Last time, I posed a conundrum.
Let's say you have a WCF service that implements IMyService. On the client side, you'll have a service reference that derives from ClientBase<IMyService>, which is, in turn, an IDisposable, As I mentioned in the last post, you have two choices:
- You could follow best practices and "program to an interface," namely IMyService. This is not an IDisposable, so you won't be able to properly Dispose() the reference.
- You could abandon your ambition of programming to an interface and use the Client-Base<T>-derived class directly, perhaps with a C# using keyword. This will properly Dispose() the reference.
(We won't mention the worst-of-both-worlds approach in Microsoft's tutorial.)
The first way is bad because it leaves orphaned resources on both the client and the server.

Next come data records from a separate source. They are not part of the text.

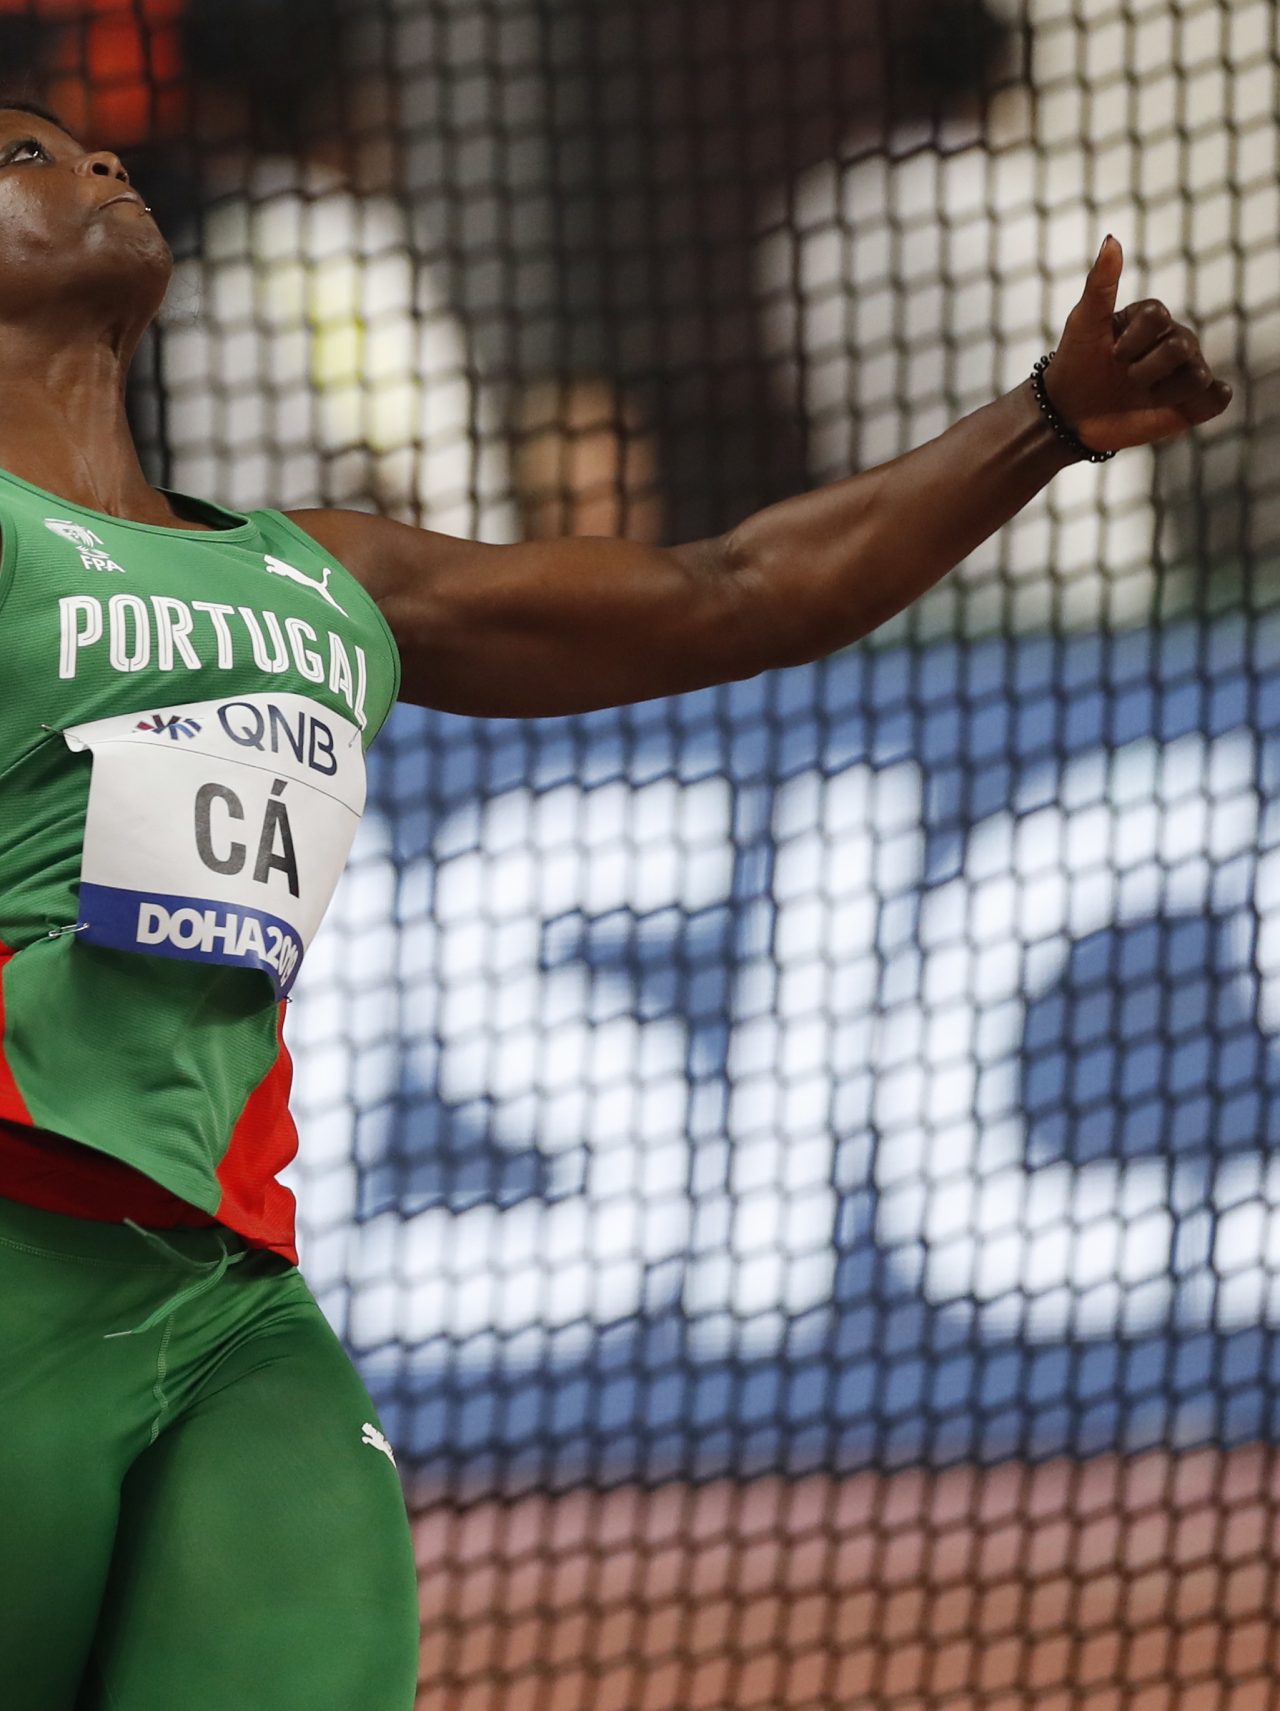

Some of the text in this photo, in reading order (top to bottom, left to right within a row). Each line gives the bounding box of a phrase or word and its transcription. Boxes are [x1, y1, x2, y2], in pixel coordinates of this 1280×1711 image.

[80, 554, 126, 573] FPA
[58, 594, 368, 721] PORTUGAL
[217, 702, 338, 776] QNB
[194, 778, 300, 898] CÁ
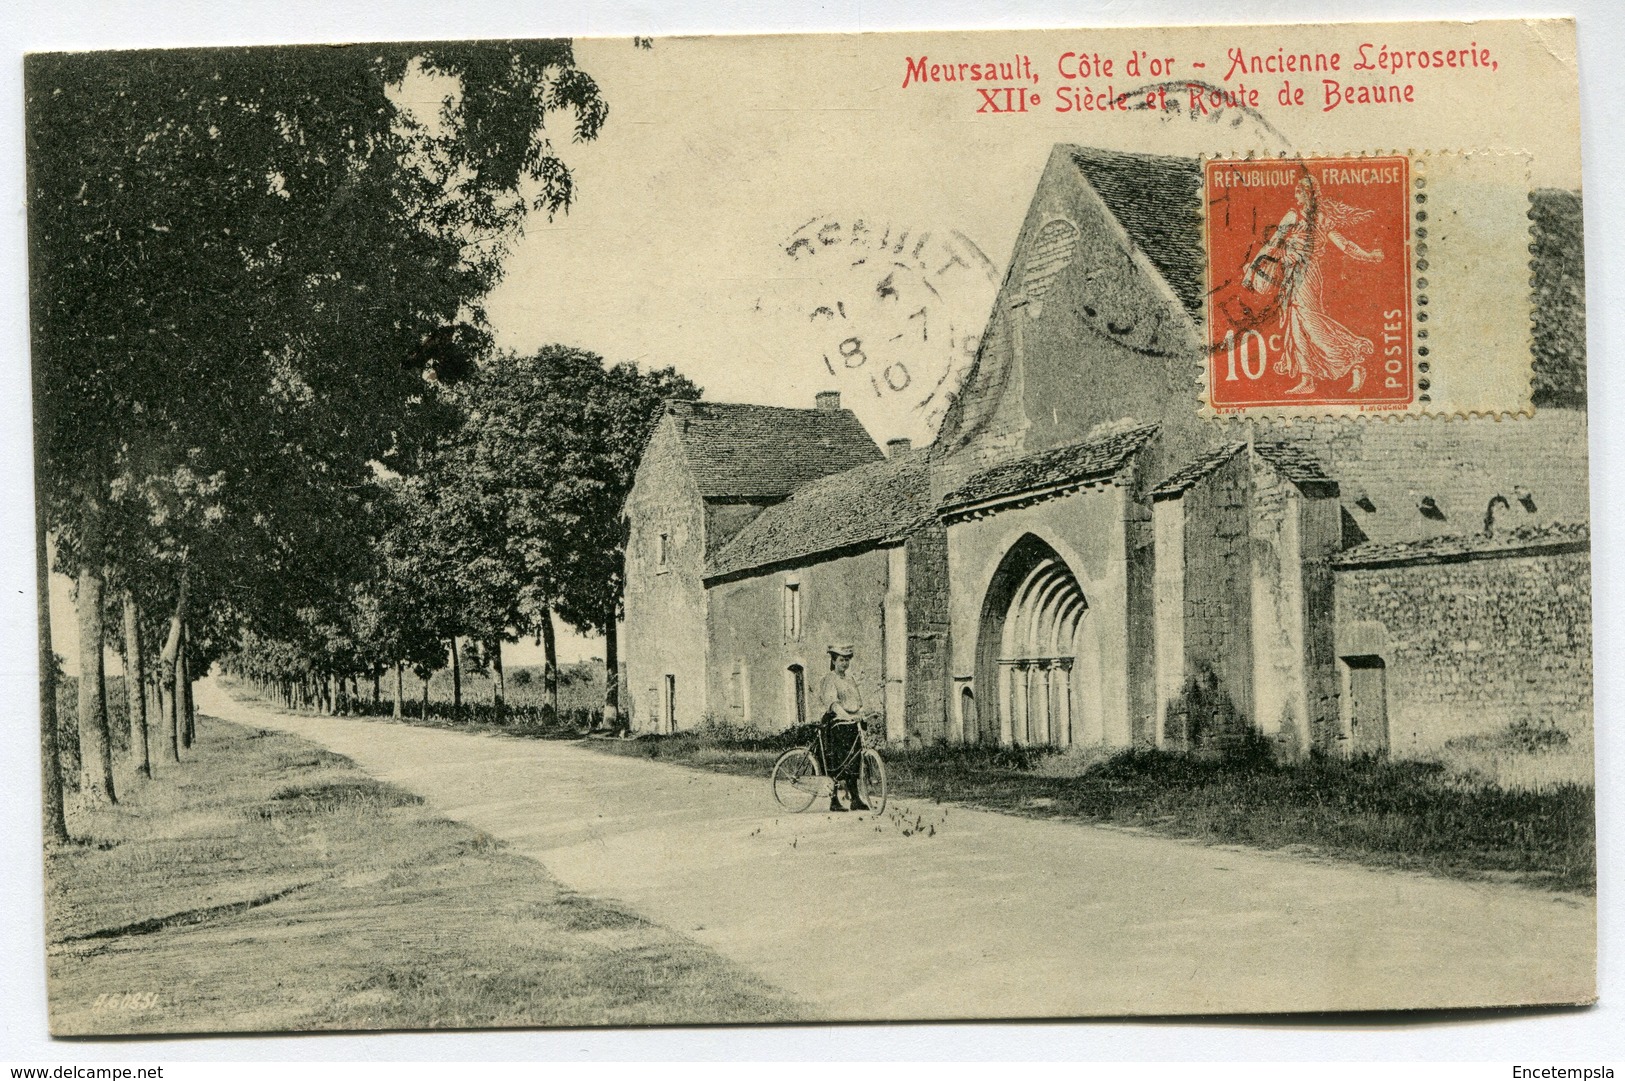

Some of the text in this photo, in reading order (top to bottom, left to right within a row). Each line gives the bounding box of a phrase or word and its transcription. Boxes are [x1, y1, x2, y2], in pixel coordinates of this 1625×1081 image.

If you use the second method, then you will not be able to use dependency injection. That means your unit tests will depend on a real WCF service. Not only does that mean more setup for your tests, but it means your tests will depend on external software that may or may not be correct. WCF and service-oriented architecture was supposed to avoid exactly this sort of problem.
I'd like to share a solution that has been working quite well for me.
- Create a class, intended for use on the client side, that derives from IMyService. Let's say this class is called MyServiceProxy.
- MyServiceProxy implements each method in IMyService by opening the WCF service at the top of a using block, calling the method, and then let the using block Dispose() the service reference. [Edited to add: Thanks to commenter mathys for pointing out that it's actually a little more complicated than that. If you follow the link he provides, you'll see what you must do at Dispose time if the service is in a faulted state. All the more reason to hide the IDisposable inside MyServiceProxy where you can ensure the Dispose() is handled properly!]
- I use dependency injection to inject an instance of IMyService into whatever code needs it. Let's say the consuming class stores the injected instance in a member variable, _myService.
- The consuming code can then just call _myService.MyMethod().
If the injected instance is the "real" MyServiceProxy class, then MyMethod will open the WCF connection, call MyMethod on the WCF client object, and close the connection.
For unit testing, I can inject a mock of the service. I use the Moq mocking framework, so this is a Mock<IMyService>. The consuming class truly does not care that the mock instance is not an IDisposable. Everything just works.
Although this approach does require me to hand-code a proxy class, I have found that the benefits I get from dependency injection easily repay this modest investment. Not only does dependency injection help me at unit-testing time, but it opens up new possibilities for production code.
For example, let's say we need to improve the performance of our WCF service by caching results on the client side. We can wrap MyServiceProxy using the decorator pattern and get MyCachingServiceProxy. The latter class will also inherit from IMyService. We can inject it into the consuming class, which will get all the benefits of caching with no code changes at all.